Dynamically calculated cells using formulas (SUM
, etc) are not supported.
I'm not a TypeScript expert, so the community has to write the typings (and test those). See example index.d.ts
.
One can use any npm CDN service, e.g. unpkg.com or jsdelivr.net
<script src="https://unpkg.com/[email protected]/bundle/read-excel-file.min.js"></script>
<script>
var input = document.getElementById('input')
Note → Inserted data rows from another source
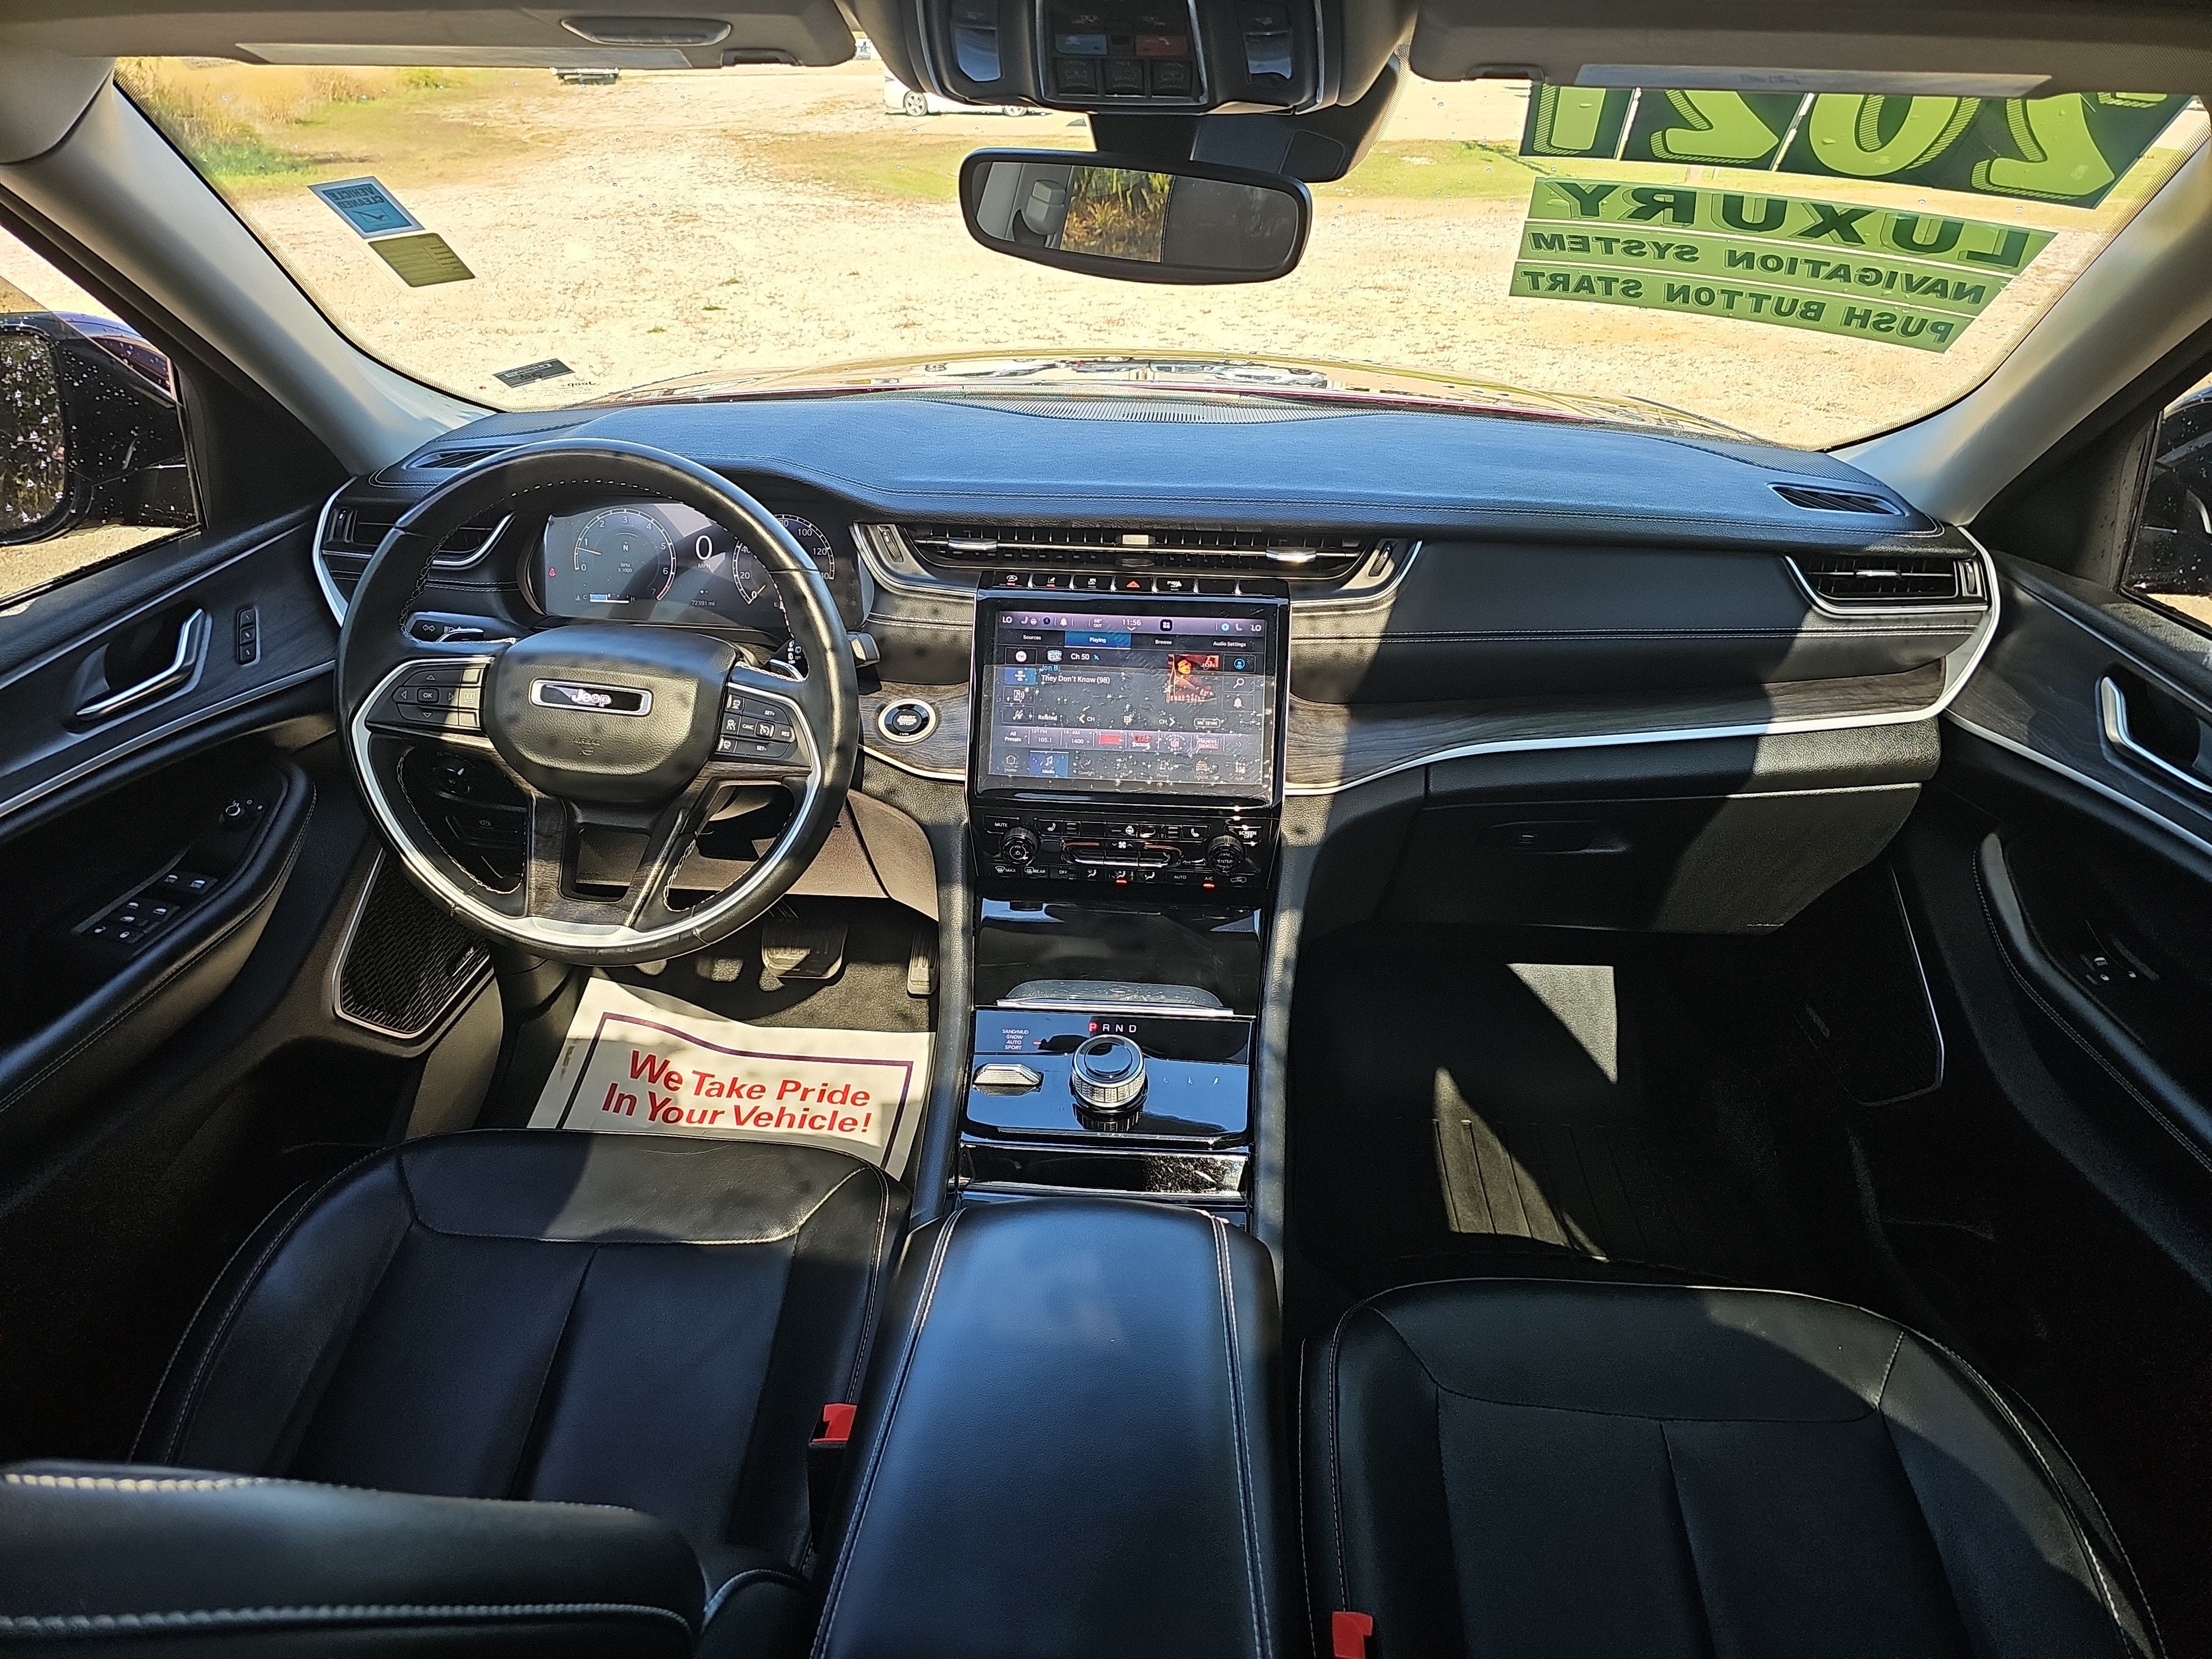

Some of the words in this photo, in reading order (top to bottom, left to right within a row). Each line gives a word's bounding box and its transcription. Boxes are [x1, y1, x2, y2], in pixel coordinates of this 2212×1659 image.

[599, 520, 605, 528] 2
[798, 528, 813, 537] 100
[584, 538, 588, 546] 1
[660, 542, 666, 550] 5
[695, 535, 713, 561] 0
[581, 563, 587, 571] 0
[740, 571, 750, 580] 20
[1041, 675, 1057, 685] They
[1058, 676, 1077, 684] Don't
[1097, 676, 1110, 684] (98)
[571, 689, 612, 707] Jeep
[1102, 1023, 1110, 1033] R
[1115, 1024, 1123, 1033] N
[1128, 1024, 1137, 1033] D
[628, 1049, 684, 1092] We
[690, 1069, 766, 1101] Take
[775, 1078, 871, 1107] Pride
[601, 1082, 637, 1117] In
[646, 1089, 725, 1125] Your
[733, 1104, 872, 1134] Vehicle!
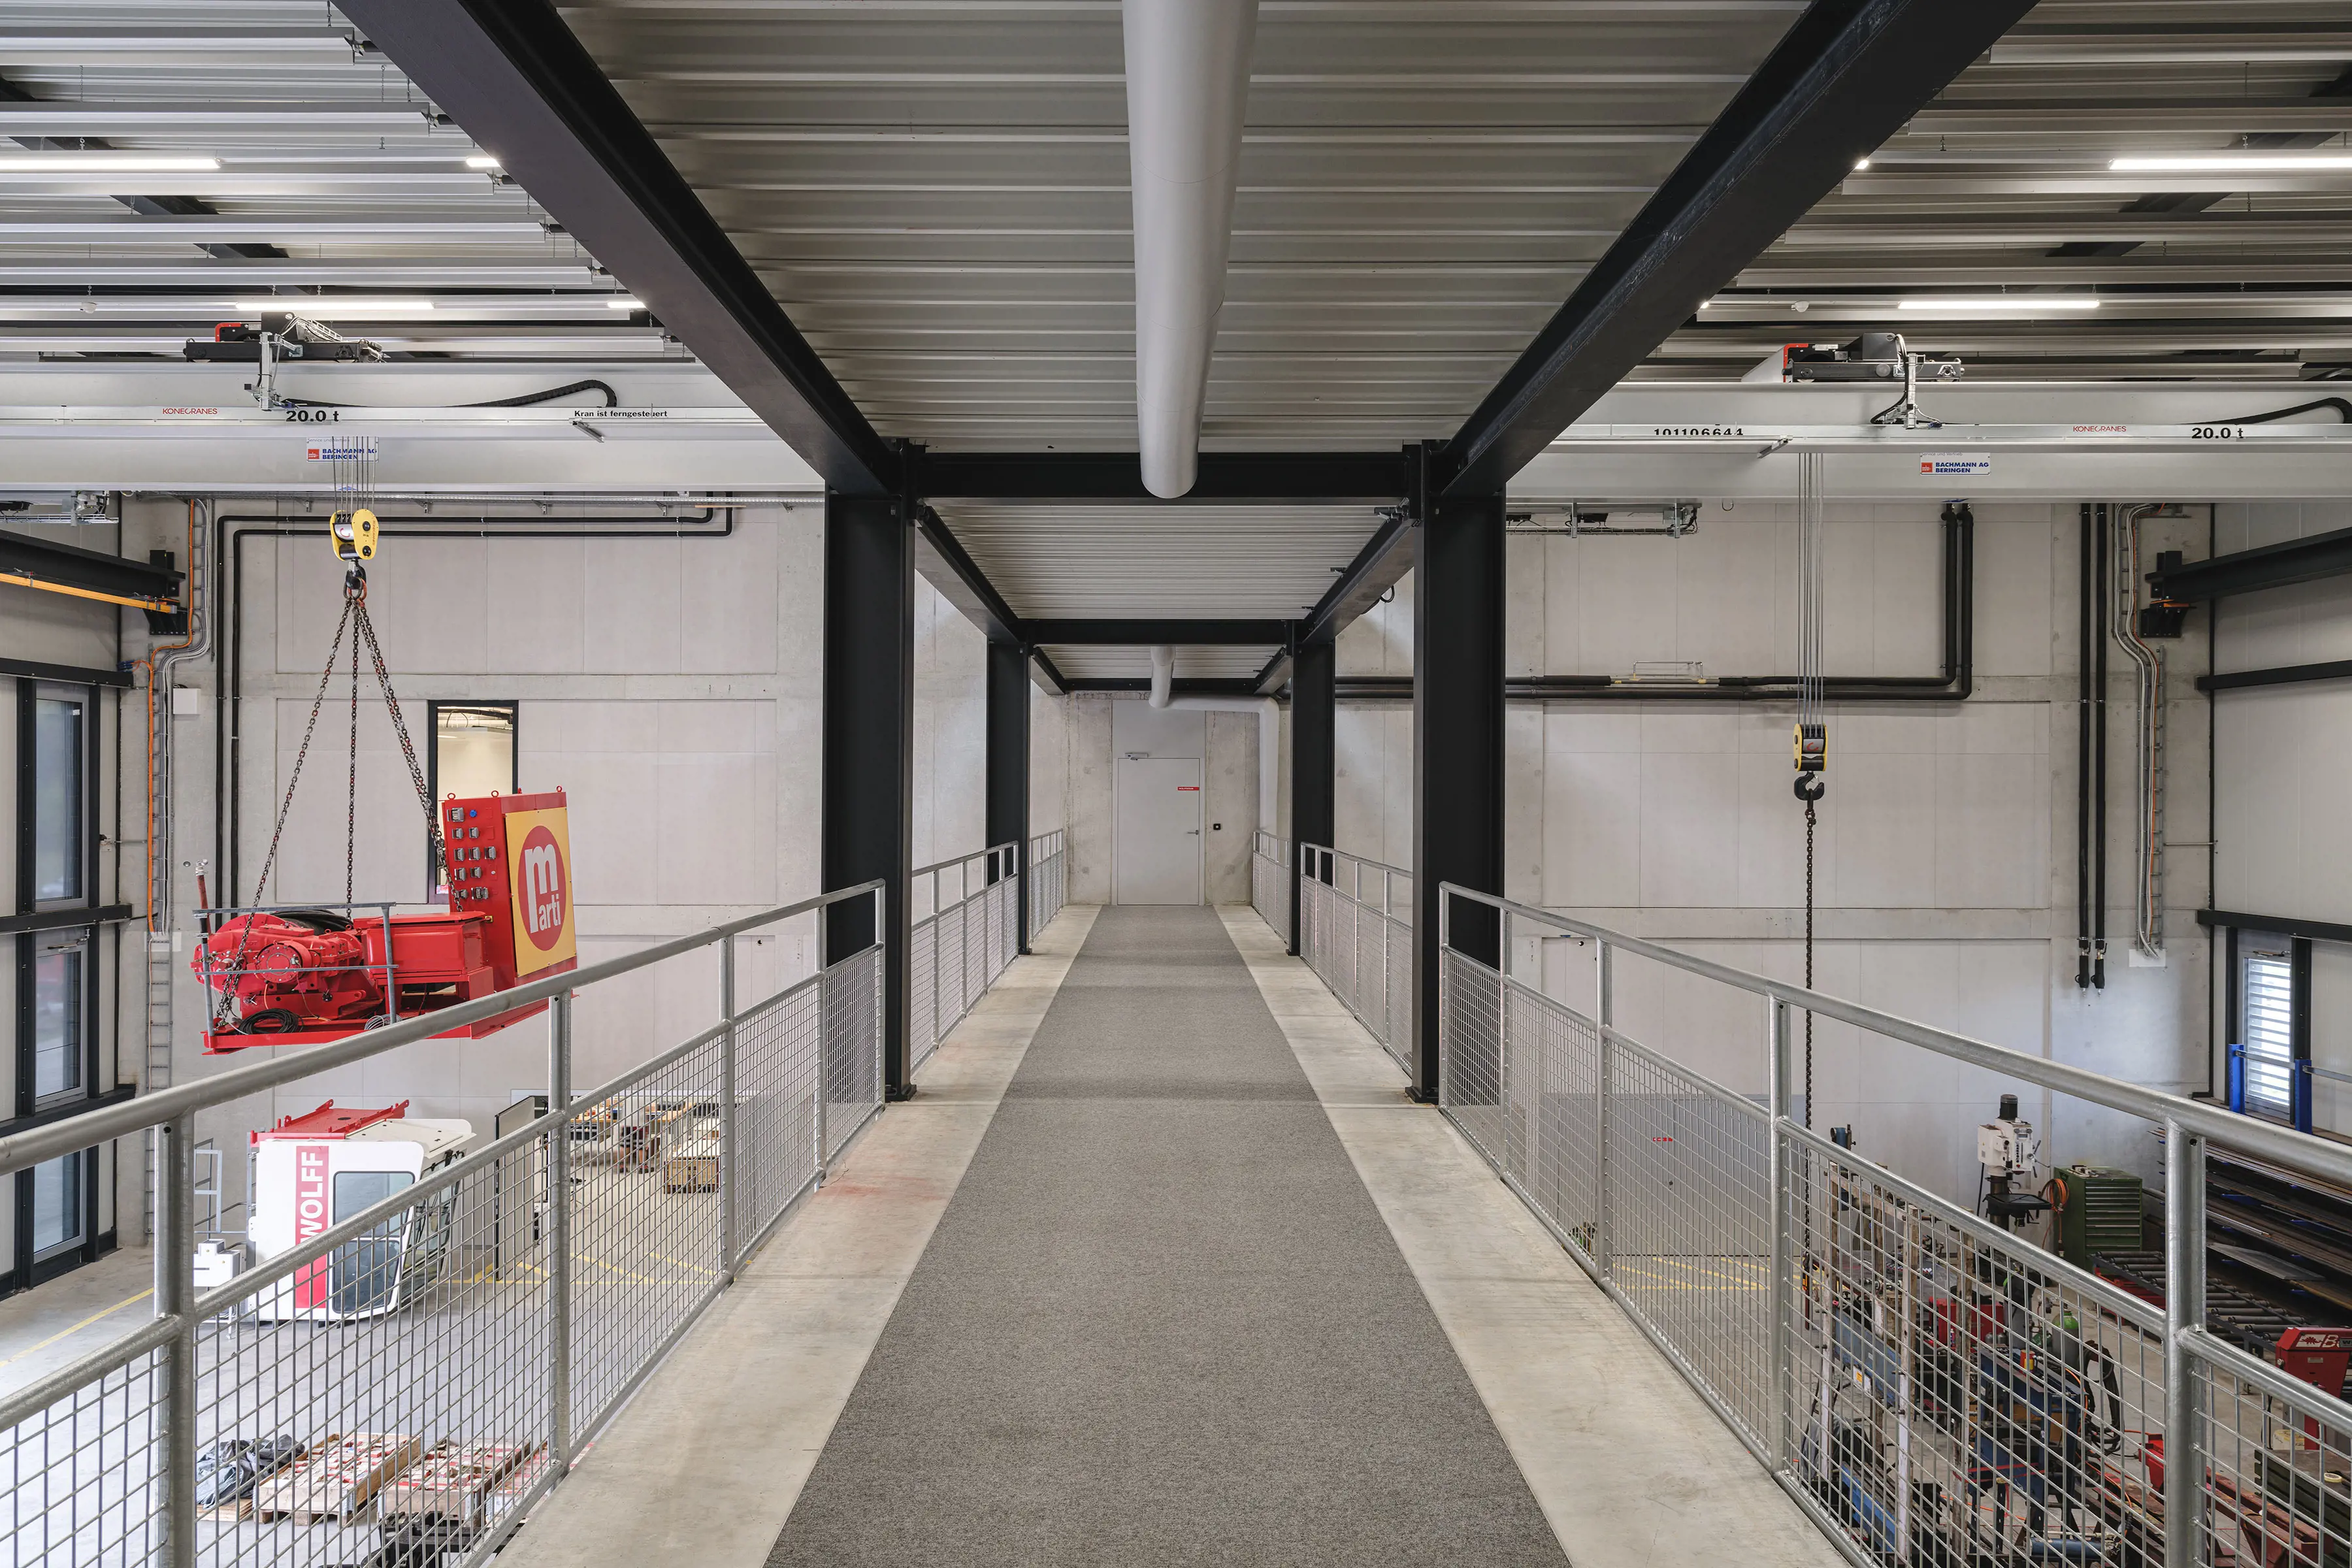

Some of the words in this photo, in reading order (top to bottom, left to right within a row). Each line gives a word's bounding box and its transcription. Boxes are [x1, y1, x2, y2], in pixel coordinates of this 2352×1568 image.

input.addEventListener('change', function() {
readXlsxFile(input.files[0]).then(function(rows) {
// `rows` is an array of rows
// each row being an array of cells.
})
})
</script>
This library comes with TypeScript "typings". If you happen to find any bugs in those, create an issue.
Uses xmldom
for parsing XML.
On March 9th, 2020, GitHub, Inc. silently banned my account (erasing all my repos, issues and comments, even in my employer's private repos) without any notice or explanation. Because of that, all source codes had to be promptly moved to GitLab. The GitHub repo is now only used as a backup (you can star the repo there too), and the primary repo is now the GitLab one. Issues can be reported in any repo.